Employee Management System Built with Spring Boot, Vue, and UniApp
The system employs a modern full-stack architecture combining Spring Boot for the backend, Vue.js for the web frontend, and UniApp for cross-platform mobile deployment.
Backend: Spring Boot
Spring Boot simplifies server-side development by embedding application servers like Tomcat and offering auto-configuration based on classpath dependencies. Integrated modules such as Spring Data JPA and Spring Security accelerate development while ensuring robustness and scalability.
Frontend: Vue.js
Vue.js leverages a reactive data-binding model and virtual DOM to deliver responsive user interfaces. Its component-based structure promotes reusability and maintainability, enabling rapid UI development that automatically reflects data changes without manual DOM manipulation.
Persistence Layer: MyBatis-Plus
MyBatis-Plus extends MyBatis with enhanced features including built-in CRUD operations, pagination support, and code generation tools. It reduces boilerplate SQL and mapper code, supports multiple databases (e.g., MySQL, PostgreSQL), and offers utilities like optimistic locking and perforrmance analysis interceptors.
Authentication Flow
User authentication is handled via token-based sessions. Upon successful login, a 32-character random token is generated and stored with an expiration time (typical one hour). The AuthorizationInterceptor validates this token on protected endpoints:
@PostMapping("/login")
public R authenticate(String username, String password, String captcha, HttpServletRequest req) {
UserEntity user = userService.getOne(Wrappers.<UserEntity>lambdaQuery()
.eq(UserEntity::getUsername, username));
if (user == null || !user.getPassword().equals(password)) {
return R.error("Invalid credentials");
}
String token = tokenService.createToken(user.getId(), user.getUsername(), "users", user.getRole());
return R.ok().put("token", token);
}
public String createToken(Long userId, String username, String table, String role) {
TokenEntity existing = tokenMapper.selectOne(Wrappers.<TokenEntity>lambdaQuery()

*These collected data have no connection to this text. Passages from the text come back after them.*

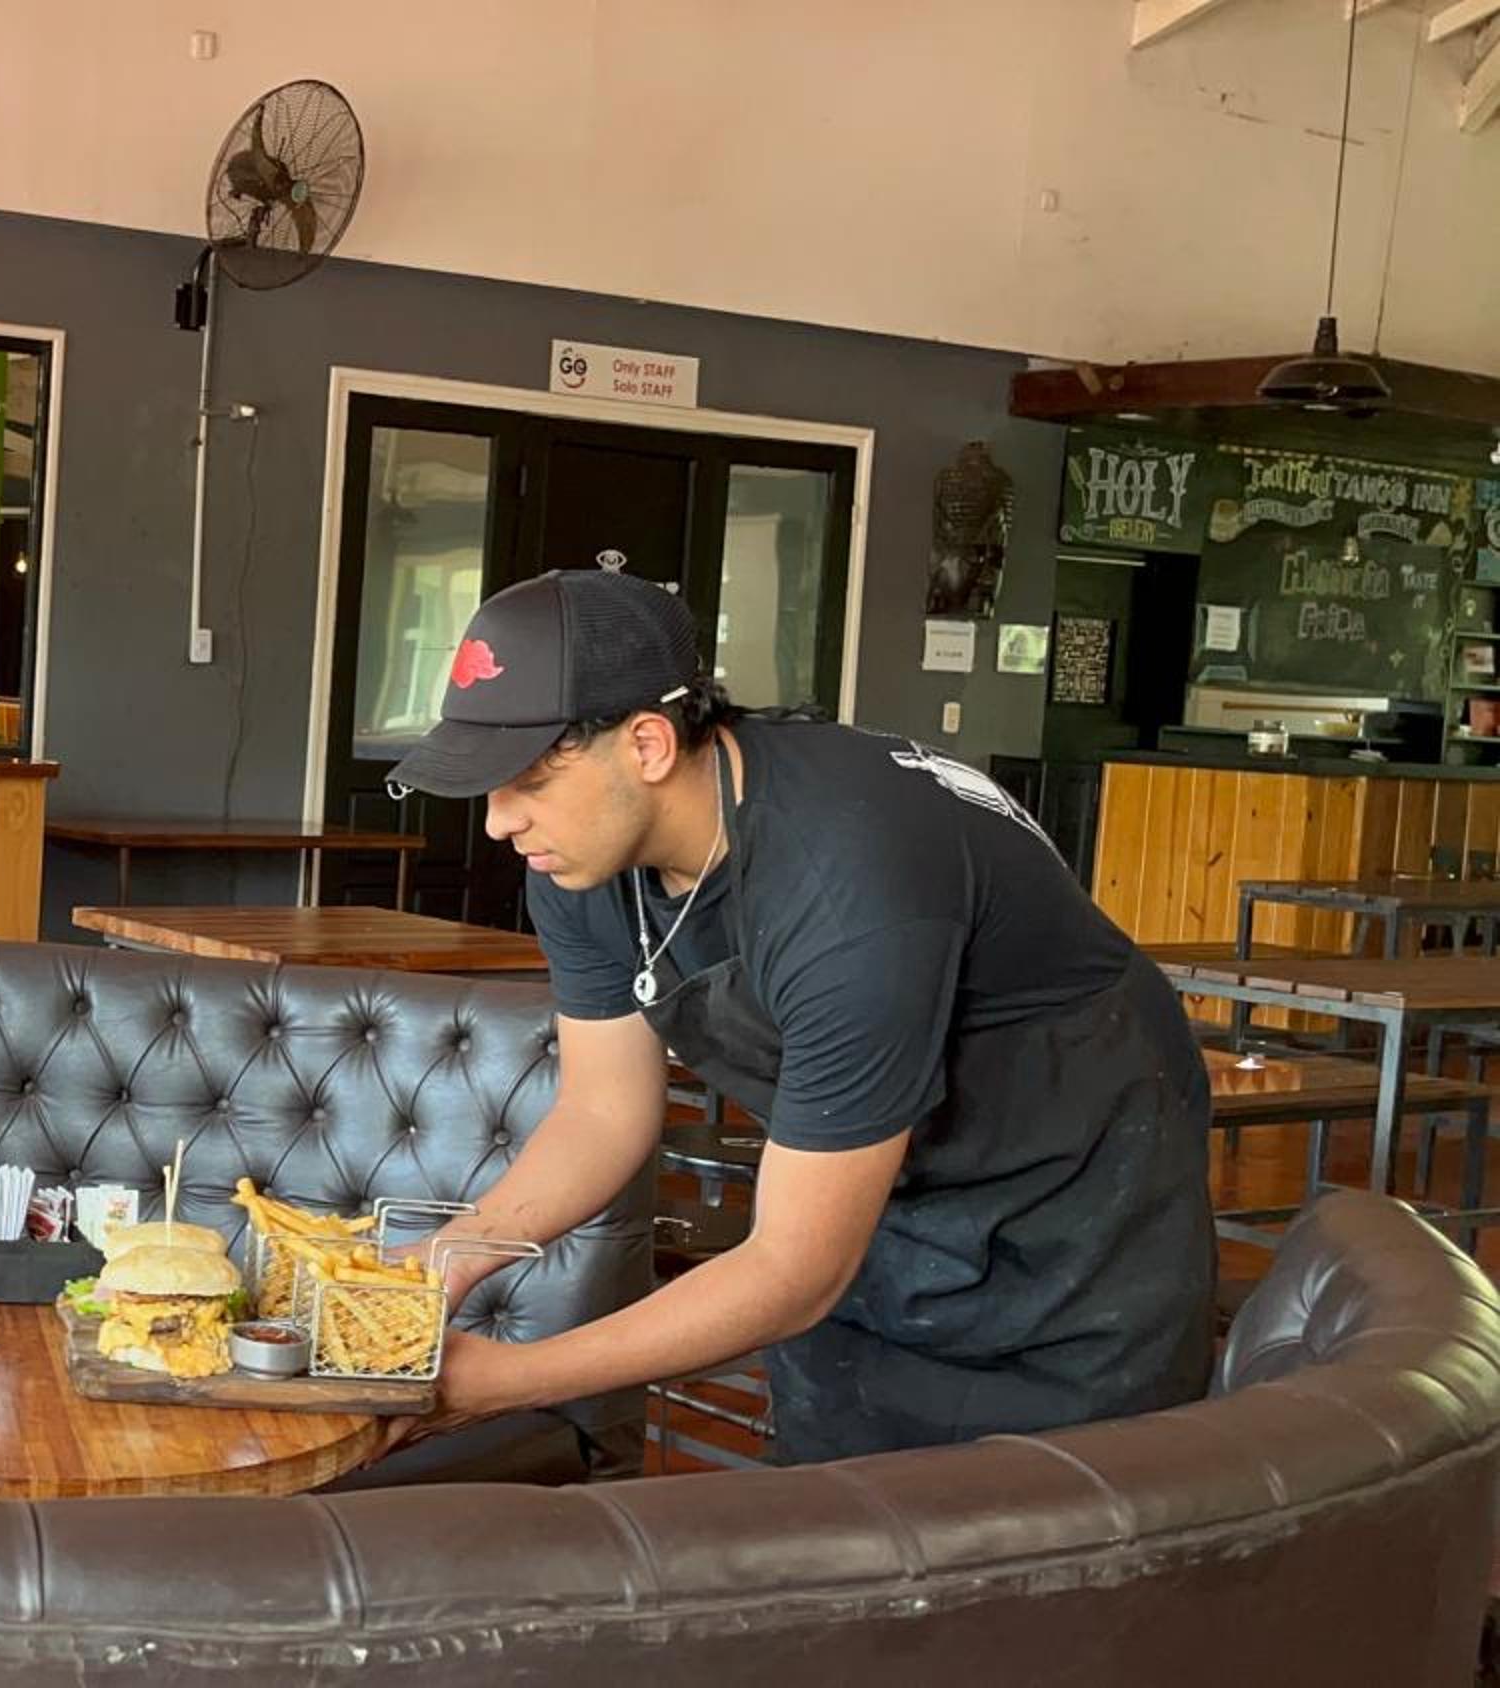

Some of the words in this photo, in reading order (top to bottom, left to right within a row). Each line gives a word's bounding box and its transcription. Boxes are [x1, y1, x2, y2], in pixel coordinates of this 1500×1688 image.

[612, 359, 640, 378] Only
[643, 363, 675, 379] STAFF
[612, 379, 638, 394] Solo
[641, 384, 673, 399] STAFF
[1085, 448, 1195, 528] HOLY
[1334, 471, 1407, 508] TANGO
[1412, 482, 1450, 514] INN

.eq(TokenEntity::getUserId, userId)
.eq(TokenEntity::getRole, role));
String newToken = RandomUtil.randomString(32);
Date expiry = DateUtil.offsetHour(new Date(), 1);
if (existing != null) {
existing.setToken(newToken);
existing.setExpiratedtime(expiry);
tokenMapper.updateById(existing);
} else {
tokenMapper.insert(new TokenEntity(userId, username, table, role, newToken, expiry));
}
return newToken;
}
The interceptor checks for the Token header on each request (except those annotated with @IgnoreAuth). Valid tokens populate session attributes (userId, role, etc.), while invalid or missing tokens return a 401 error.
Database Schema
A dedicated token table manages active sessions:
CREATE TABLE `token` (
`id` BIGINT AUTO_INCREMENT PRIMARY KEY,
`userid` BIGINT NOT NULL,
`username` VARCHAR(100) NOT NULL,
`tablename` VARCHAR(100),
`role` VARCHAR(100),
`token` VARCHAR(200) NOT NULL,
`addtime` TIMESTAMP DEFAULT CURRENT_TIMESTAMP,
`expiratedtime` TIMESTAMP NOT NULL
) ENGINE=InnoDB DEFAULT CHARSET=utf8;
Sample records track user sessions with expiration timestamps, enabling automatic logout after inactivity.
Testing Strategy
Functional validation uses black-box testing with test cases covering:
- Login: Verifies correct/incorrect credentials, empty fields, and CAPTCHA validation
- User Management: Tests creation (with duplicate/empty checks), editing, and deletion workflows
All test scenarios align with user expectations and requirement specifications, confirming both correctness and usability.